I published this blog originally a few years ago but we still have newcomers joining us in the Sentinel world so though it was worth a repost. If you know any noobies, feel free to share it with them.

Microsoft's new(ish) cloud-based SIEM, Azure Sentinel, is a powerful solution that lets you collect security data cross an entire organization including devices, users, apps, servers in any cloud - which means that there are a lot of working parts. When I first looked at the management page, I was confused by the fact that many of the terms are so similar. There are Workbooks. There are Playbooks. And there are Notebooks. What's a girl to do?

Workbooks

A workbook is really nothing more than a dashboard. In fact, in an earlier iteration of Sentinel, they were actually called Dashboards. You use Workbooks to view insights gathered from data collected from various sources. They're kind of like a canvas that you can use to paint the data you want to see at a glance.
You may think - Ugh. What do I need another dashboard for? But in the world of SecOps, dashboards and other data visualizations provide the ability to view data trends and anomalies which help you spot when something is amiss. 
Workbooks have tons of possibilities. You can do everything from simple data presentation to complex graphing and investigative maps. With Workbooks, you can include text, charts, grids and graphs to help visualize the data in the most effective way for you. 

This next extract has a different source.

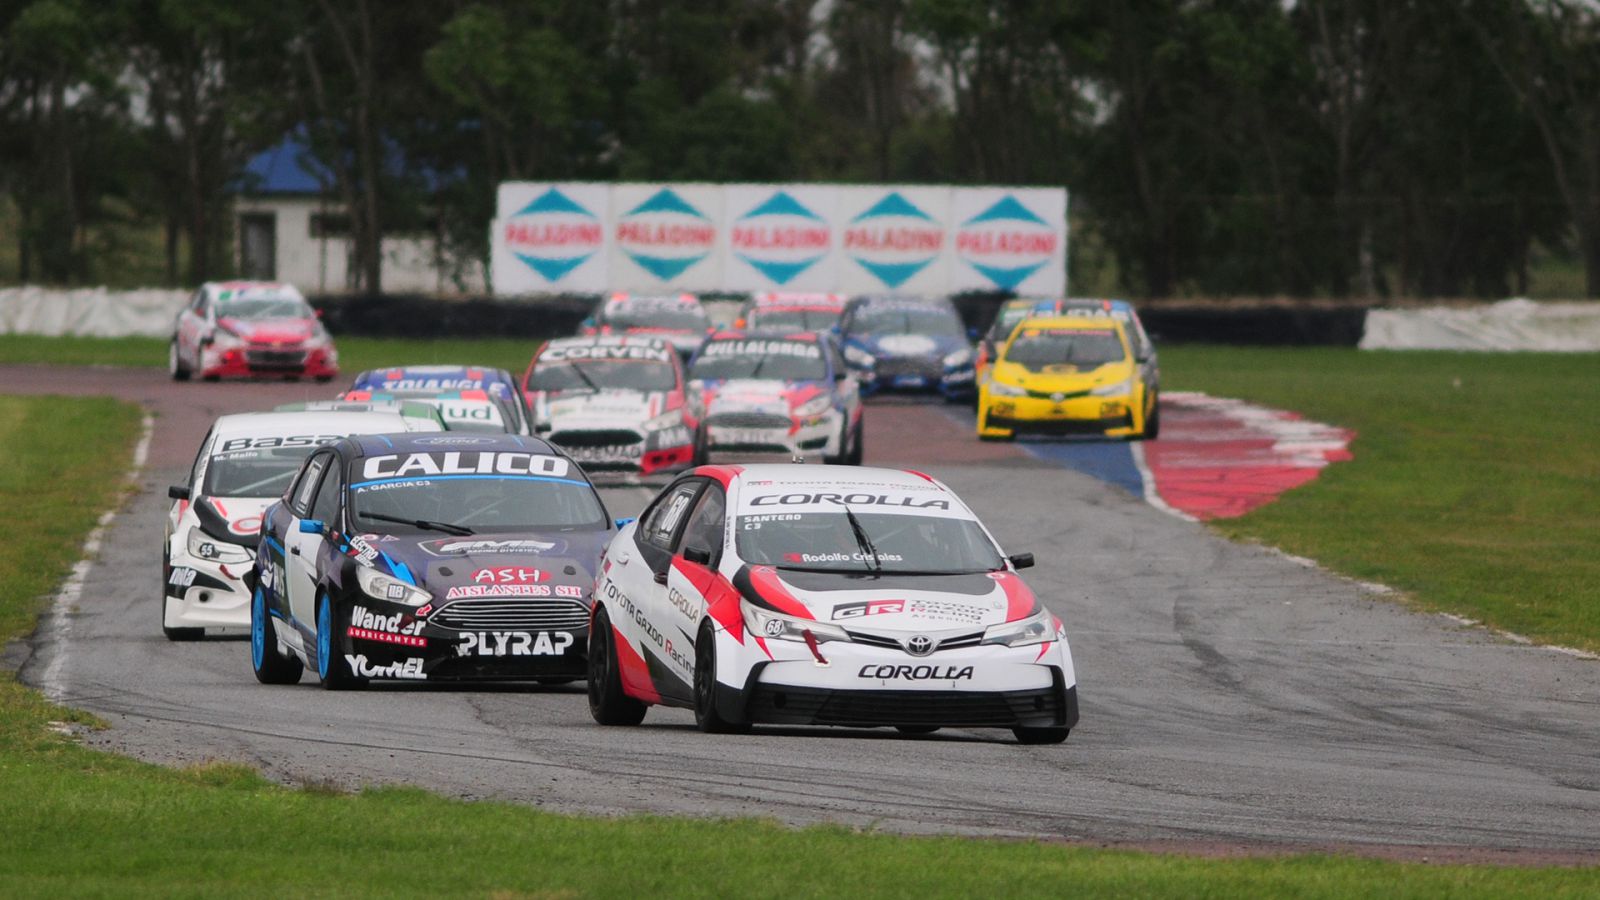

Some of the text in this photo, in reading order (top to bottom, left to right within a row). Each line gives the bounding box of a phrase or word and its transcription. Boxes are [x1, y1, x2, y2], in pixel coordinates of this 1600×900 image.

Sentinel provides a collection of out-of-the-box workbooks like the ones for Azure AD Sign-in logs or F5 or Palo Alto. You can also create your own. There is a fantastic GitHub repository where people share workbooks, hunting queries and much more.

The real power of Workbooks is the ability to combine data from disparate sources within a single report. This lets you create a Workbook that is exactly what you want it to be. It can be a composite of resource views that gives you richer data and insights than you would normally have out-of-the-box.

Let's take a look at one of the out-of-the-box Workbooks. On of my favorites is the Azure AD Sign-in logs Workbook. You can see that the report lists out Sign-ins by Location, Sign-ins by Device and the number of Sign-ins using Conditional Access. 

By looking at the report, we can see that over 1000 people are logging in from India and 56 of those are failures. Maybe this is perfectly normal. But maybe we don't expect anyone to log in from India, so this is something we need to investigate.  Other important information might be found in Sign-ins by Device, we see that we have three log ins from a Windows 8 machine. Wait a second! We thought we had retired all the Windows 8 machines. 

Workbooks are really just a tool to help you visualize your data. Some can be used reactively - gaining further information on an incident - like the Investigation Insights Workbook. Others can be used proactively to help us shrink our attack surface. The Insecure Protocols Workbook is great for this. It can help you find a remove insecure protocols like NTLMv1, SMBv1, vulnerable Netlogon secure channels on your DCs, weak Kerberos ciphers and more.

I’m sure there’s a workbook out there waiting for you.